The Trust originally sought to achieve its investment objectives by investing primarily in a portfolio of BABs, which are taxable municipal securities issued
pursuant to the American Recovery and Reinvestment Act of 2009. Given the uncertainty around the BABs program at the time of the Trusts launch in 2010, the Trusts initial public offering prospectus included a Contingent Review Provision.

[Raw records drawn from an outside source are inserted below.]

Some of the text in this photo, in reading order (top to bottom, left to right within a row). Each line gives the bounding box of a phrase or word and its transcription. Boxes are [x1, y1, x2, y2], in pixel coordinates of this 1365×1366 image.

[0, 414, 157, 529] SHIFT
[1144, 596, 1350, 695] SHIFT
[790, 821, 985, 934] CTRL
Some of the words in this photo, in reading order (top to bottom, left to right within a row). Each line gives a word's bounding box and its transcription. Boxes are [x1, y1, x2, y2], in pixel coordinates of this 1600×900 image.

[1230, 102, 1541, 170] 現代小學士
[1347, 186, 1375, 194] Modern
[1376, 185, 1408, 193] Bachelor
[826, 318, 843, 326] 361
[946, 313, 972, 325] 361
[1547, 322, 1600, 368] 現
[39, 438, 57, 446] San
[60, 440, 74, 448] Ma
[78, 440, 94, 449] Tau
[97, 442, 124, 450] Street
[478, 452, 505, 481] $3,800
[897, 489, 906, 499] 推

For any 24-month period, if there were no new issuances of BABs or other analogous taxable municipal securities, the Board would undertake an evaluation of potential actions with respect to the Trust (the
Contingent Review Provision). Under the Contingent Review Provision, such potential action included changes to the Trusts non-fundamental investment policies to broaden its primary investment
focus to include taxable municipal securities generally. The BABs program expired on December 31, 2010 and was not renewed. Accordingly, there have been no new issuances of BABs since that date. Pursuant to the Contingent Review Provision, on
June 12, 2015, the Board approved a proposal to amend the Trusts 80% investment policy to include all taxable municipal securities, including BABs, and to change the name of the Trust, which changes became effective on August 25,
2015.
Leverage. The Trust may utilize leverage to seek to enhance the yield and net asset value of its common shares. However, this objective cannot be
achieved in all interest rate environments. The Trust currently leverages its assets through the use of residual interest municipal tender option bonds (TOB Residuals), which are derivative interests in municipal bonds. The TOB
Residuals in which the Trust will invest pay interest or income that, in the opinion of counsel to the issuer of such TOB Residuals, is exempt from regular U.S. federal income tax. The Trust may use combined economic leverage of up to 100% of its
net assets (50% of its Managed Assets), all or a portion of which may be effected through the use of TOBs Residuals.

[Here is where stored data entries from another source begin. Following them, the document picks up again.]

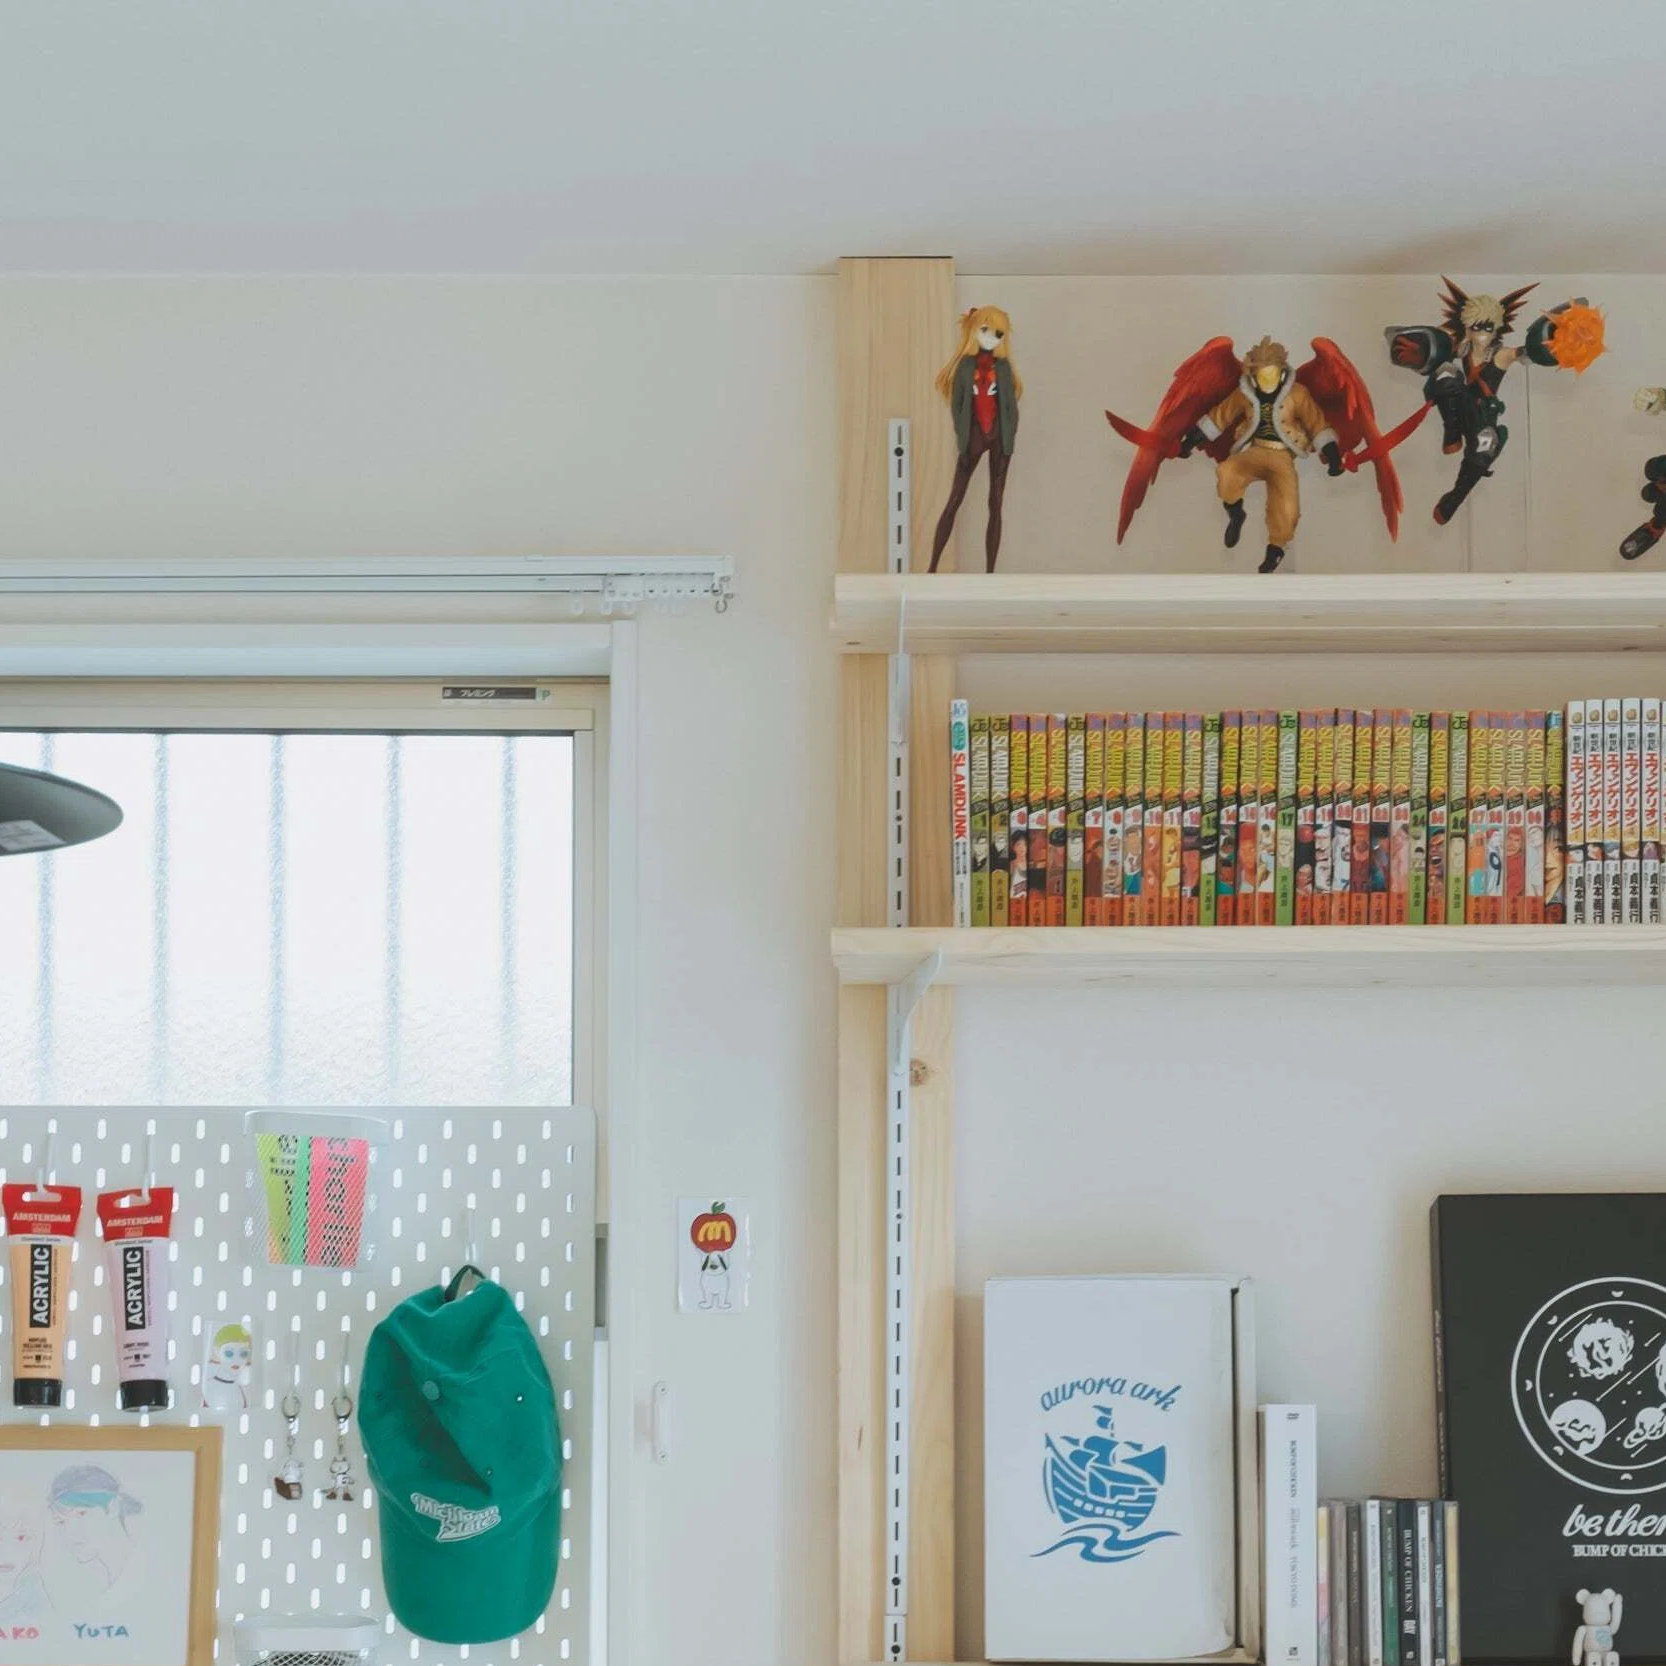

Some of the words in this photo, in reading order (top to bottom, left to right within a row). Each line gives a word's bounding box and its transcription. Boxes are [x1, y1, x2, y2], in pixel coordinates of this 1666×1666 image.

[953, 753, 966, 839] SLAMDUNK
[12, 1212, 71, 1222] AMSTERDAM
[106, 1215, 164, 1228] AMSTERDAM
[32, 1247, 49, 1325] ACRYLIC
[126, 1250, 143, 1326] ACRYLIC
[1040, 1377, 1127, 1411] aurora
[1130, 1382, 1182, 1412] ark
[1562, 1503, 1604, 1537] be
[1572, 1544, 1610, 1557] BUMP
[1610, 1544, 1629, 1557] OF
[74, 1624, 130, 1638] YUTA

The Trust may utilize reverse repurchase
agreements when it is anticipated that the interest income to be earned from the investment of the proceeds of the transaction is greater than the interest expense of the transaction.
The Trust may borrow through a credit facility.
The Trust may also borrow money as a
temporary measure for extraordinary or emergency purposes, including the payment of dividends and the settlement of securities transactions which otherwise might require untimely dispositions of Trust securities.
Other Investment Policies. The Trust may invest up to 10% of its total assets in securities of other open- or closed-end
investment companies (including exchange traded funds) that invest primarily in securities of the types in which the Trust may invest directly. The Trust may invest in investment companies that are advised by the Manager or its affiliates to the
extent permitted by applicable law and/or pursuant to exemptive relief from the Securities and Exchange Commission.
During periods in which the Manager
determines that it is temporarily unable to follow the Trusts investment strategy or that it is impractical to do so, the Trust may deviate from its investment strategy and invest all or any portion of its assets in cash, cash equivalents or
short-term debt securities that may be either tax-exempt or taxable.
The Trust may invest up to 10% of its total assets in
preferred interests of other investment funds, including those which may pay dividends that are exempt from regular Federal income tax.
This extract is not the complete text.